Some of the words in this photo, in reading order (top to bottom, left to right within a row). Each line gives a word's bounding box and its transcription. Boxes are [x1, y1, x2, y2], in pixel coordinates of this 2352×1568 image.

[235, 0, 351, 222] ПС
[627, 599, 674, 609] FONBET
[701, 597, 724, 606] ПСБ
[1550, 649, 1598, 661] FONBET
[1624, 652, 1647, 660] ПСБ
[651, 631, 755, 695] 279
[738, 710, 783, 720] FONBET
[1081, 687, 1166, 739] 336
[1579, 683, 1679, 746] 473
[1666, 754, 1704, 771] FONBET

__WORK REQUEST__
From beginning to end, the data must be duplicated exactly.

__PROBLEM SOLUTION__
Some of the words in this photo, in reading order (top to bottom, left to right within a row). Each line gives a word's bounding box and its transcription. Boxes are [x1, y1, x2, y2], in pixel coordinates of this 2352×1568 image.

[235, 0, 351, 222] ПС
[627, 599, 674, 609] FONBET
[701, 597, 724, 606] ПСБ
[1550, 649, 1598, 661] FONBET
[1624, 652, 1647, 660] ПСБ
[651, 631, 755, 695] 279
[738, 710, 783, 720] FONBET
[1081, 687, 1166, 739] 336
[1579, 683, 1679, 746] 473
[1666, 754, 1704, 771] FONBET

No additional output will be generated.